Eligibility Criteria

• Ages Eligible for Study: 18 years and older (ADULT, OLDER_ADULT)
• Accepts Healthy Volunteers: No
• Genders Eligible for Study: All

Description

Inclusion Criteria:

1. Signed consent of an IEC (Independent Ethics Committee)-approved Information consent form
2. A. For the dose escalation phase: Patients with histological or cytological confirmed solid tumours (including sarcomas), for which there is no known curative therapy B. For the MTD expansion phase: Patients with an established diagnosis of soft tissue sarcoma in need of first line chemotherapy and with measurable disease
3. Performance status (ECOG) ≤ 2
4. Life expectancy of at least 3 months
5. Age ≥ 18 years

6. Acceptable liver, renal and bone marrow function including the following:

   1. Bilirubin ≤ 1.5 times upper limit of normal (ULN)
   2. AST ([Aspartate Amino Transferase]](SGOT), ALT (SGPT) and Alkaline Phosphatase ≤ 3 times upper limit of normal (if liver metastases are present, then ≤ 5 x ULN is allowed)
   3. Serum creatinine ≤ 1.5 times upper limit of normal (ULN)
   4. Leucocytes > 2.5 x 109/ L, neutrophils > 1.0 x 109/L, platelets > 100 x 109/L
   5. Haemoglobin > 9.0 g/dL or > 5.6 mmol/l
7. Acceptable coagulation status: PT and APTT ([activated partial thromboplastin time ]) within ≤ 1.5 times upper limit of normal or in the therapeutic range if on anticoagulation.
8. A negative pregnancy test for women of childbearing potential.
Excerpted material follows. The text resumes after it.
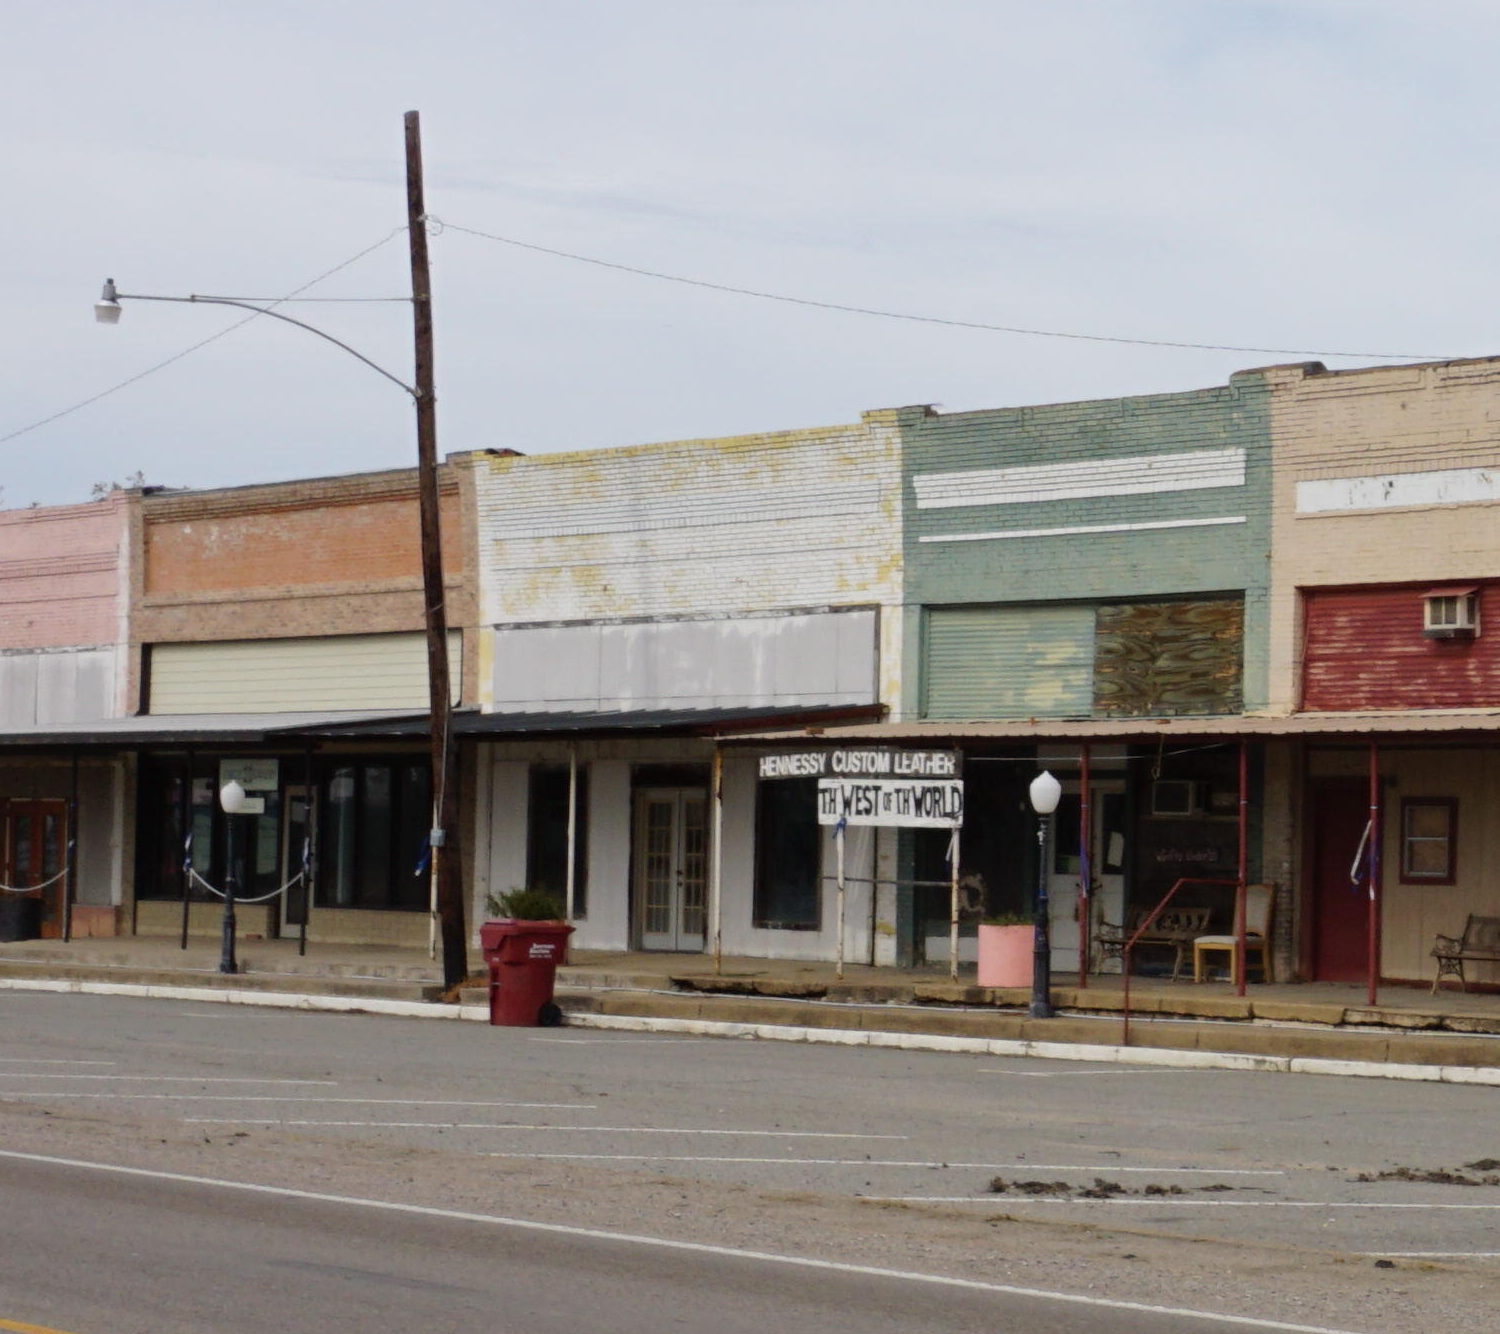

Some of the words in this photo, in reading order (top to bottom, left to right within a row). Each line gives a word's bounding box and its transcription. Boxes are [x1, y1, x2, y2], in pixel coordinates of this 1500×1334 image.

For men and women of child producing potential, the use of effective contraceptive methods during the study is required
9. Serum potassium within normal range

Exclusion Criteria:

1. Treatment with investigational agents within the last 4 weeks
2. Prior anticancer therapy, within the last 3 weeks of trial dosing including chemotherapy, radiotherapy, endocrine therapy or immunotherapy
3. Co-existing active infection or any co-existing medical condition likely to interfere with trial procedures, including significant cardiovascular disease (New York Heart Association Class III or IV cardiac disease, myocardial infarction within the past 6 months, unstable angina, congestive heart failure requiring therapy, unstable arrhythmia or a need for anti-arrhythmic therapy, or evidence of ischemia on ECG, marked baseline prolongation of QT/QTc ([corrected QT interval ]) interval, e.g., repeated demonstration of a QTc interval > 500 msec; Long QT Syndrome; the required use of concomitant medication on PXD101 infusion days that may cause Torsade de Pointes.
4. Altered mental status precluding understanding of the informed consent process and/or completion of the necessary studies
5. Concurrent second malignancy
6. History of hypersensitivity to doxorubicin
7. A. For dose escalation phase: More than two prior doses of anthracycline, more than three prior lines of chemotherapy given for metastatic disease B. For MTD expansion phase: Prior chemotherapy
8. Bowel obstruction or impending bowel obstruction
9. Known HIV positivity
10. LVEF ([left ventricular ejection fraction]) below normal range (45% by MUGA)
11. Presence of metastatic disease that, in the opinion of the investigator, would require palliative treatment within 4 weeks of enrolment

Study Plan

How is the study designed?

Design Details

• Primary Purpose: TREATMENT
• Allocation: NA
• Interventional Model: SINGLE_GROUP
• Masking: NONE

Number of Arms

1

Arms and Interventions

Participant Group / Arm	Intervention / Treatment
EXPERIMENTAL: Experimental: PXD101 and doxorubicin (BelDox); 5-day PXD101 IV schedule with dose escalation combined with 1 day doxorubicin dose escalation IV	Drug: PXD101; Administered in combination with doxorubicin (BelDox); Other Names: PXD101 (Belinostat); Drug: Doxorubicin; Administered in combination with PXD101 (BelDox); Other Names: Doxorubicin (Adriamycin)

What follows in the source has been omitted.